There is a related notion to your idea, probabilistic proofs of combinatorial identities. Suppose you have mutually exclusive and exhaustive events $E_1,\dots,E_m$, which means that
$$
P(E_1)+\dots+P(E_m)=1\tag1
$$
Multiplying both sides by $n$, you get
$$
n(E_1)+\dots+n(E_m)=n,\tag2
$$
an identity where all numbers involved are integers. Often, for integral identities where all the terms involved have some combinatorial meaning, it is desirable to give a bijective proof, meaning you find two sets describing the two sides of the equation, and give a bijection between the two sets. I will now give an example where $(1)$ is easy to prove, but $(2)$ is hard to give a bijective proof for. In my mind, probabilistic proofs are the next best thing to bijective proofs.
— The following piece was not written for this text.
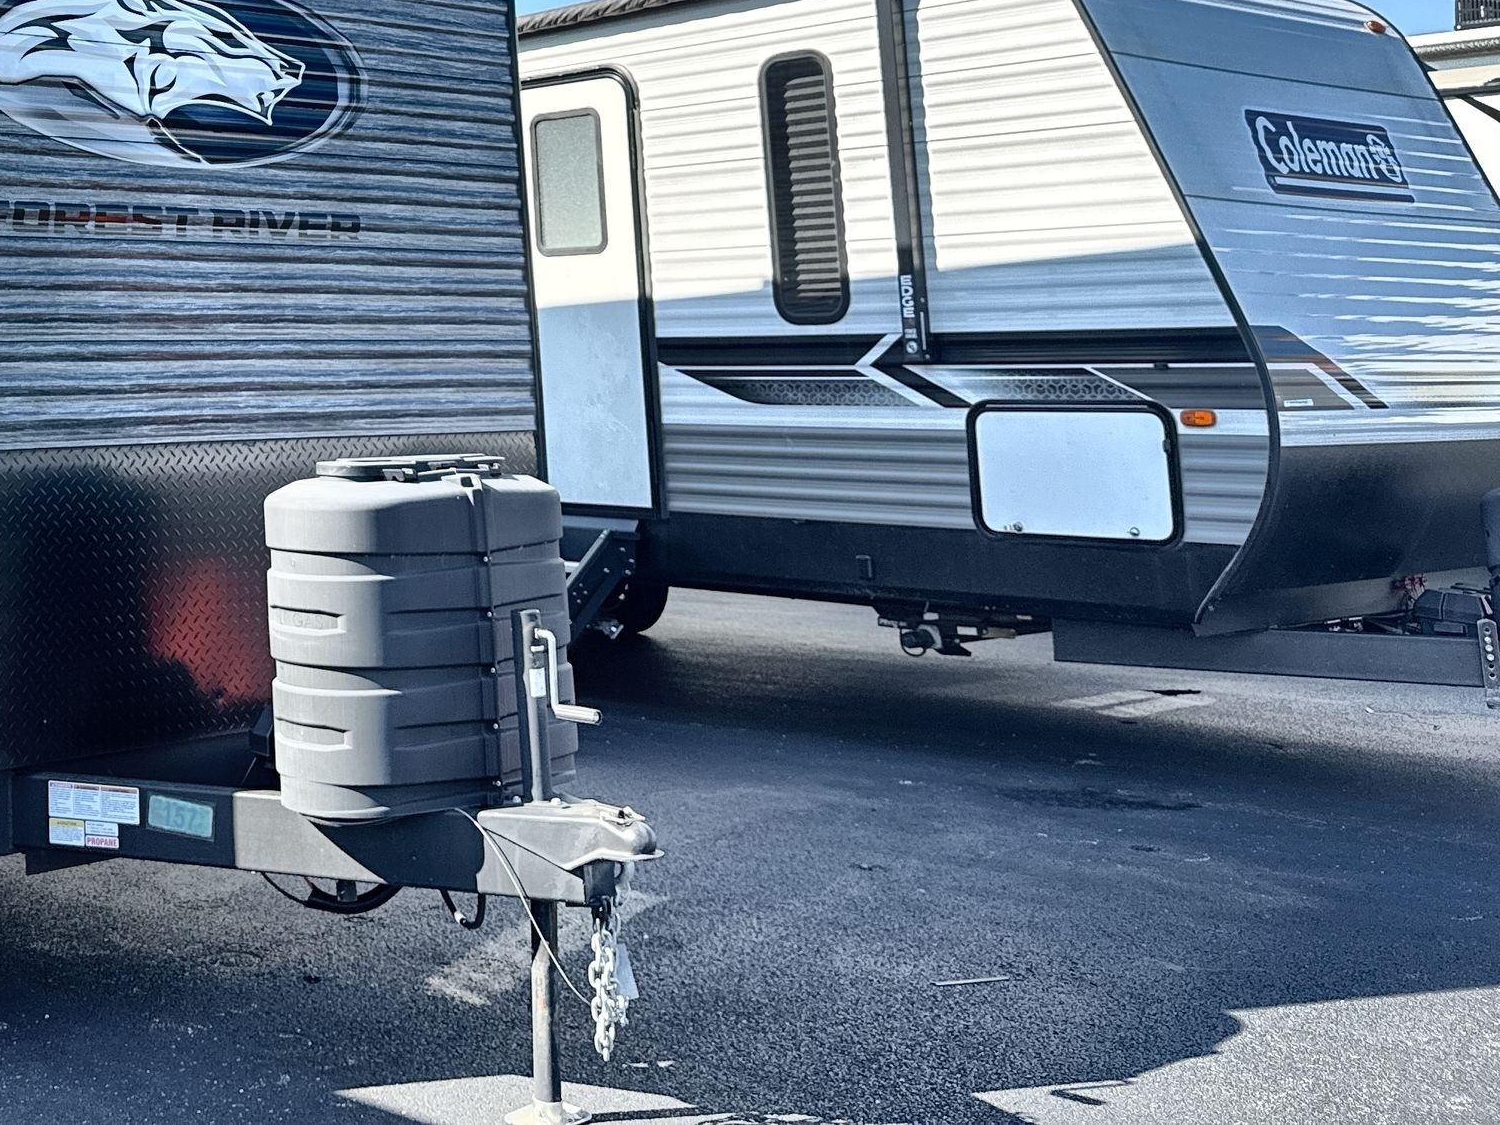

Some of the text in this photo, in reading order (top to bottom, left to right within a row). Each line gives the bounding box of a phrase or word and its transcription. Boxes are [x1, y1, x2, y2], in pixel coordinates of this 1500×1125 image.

Imagine an urn which initially contains a single red marble and a single blue marble. You make a series of $n$ draws from this urn, where after each draw, you put back the marble you drew, plus two additional marbles of the same color. Let, $E_k$ be the event that you drew exactly $k$ marbles over the course of these $n$ draws. In my answer, I show that
$$
P(E_k)=\frac{\binom{2k}k\binom{2(n-k)}{n-k}}{4^n},\qquad k\in \{0,1,\dots,n\}
$$
which leads to the identity
$$
\sum_{k=0}^n \binom{2k}k\binom{2(n-k)}{n-k}=4^n\tag3
$$
I cannot really claim that $(3)$ is hard to prove. You can automatically prove $(3)$ with a computer, using the methods of the book A=B by Petkovsek, Wilf and Zeilberger. Also, there is a pretty straightforward generating function proof of $(3)$. But these proofs lack the intuitiveness provided by a bijective proof, and proving $(3)$ bijectively is famously hard.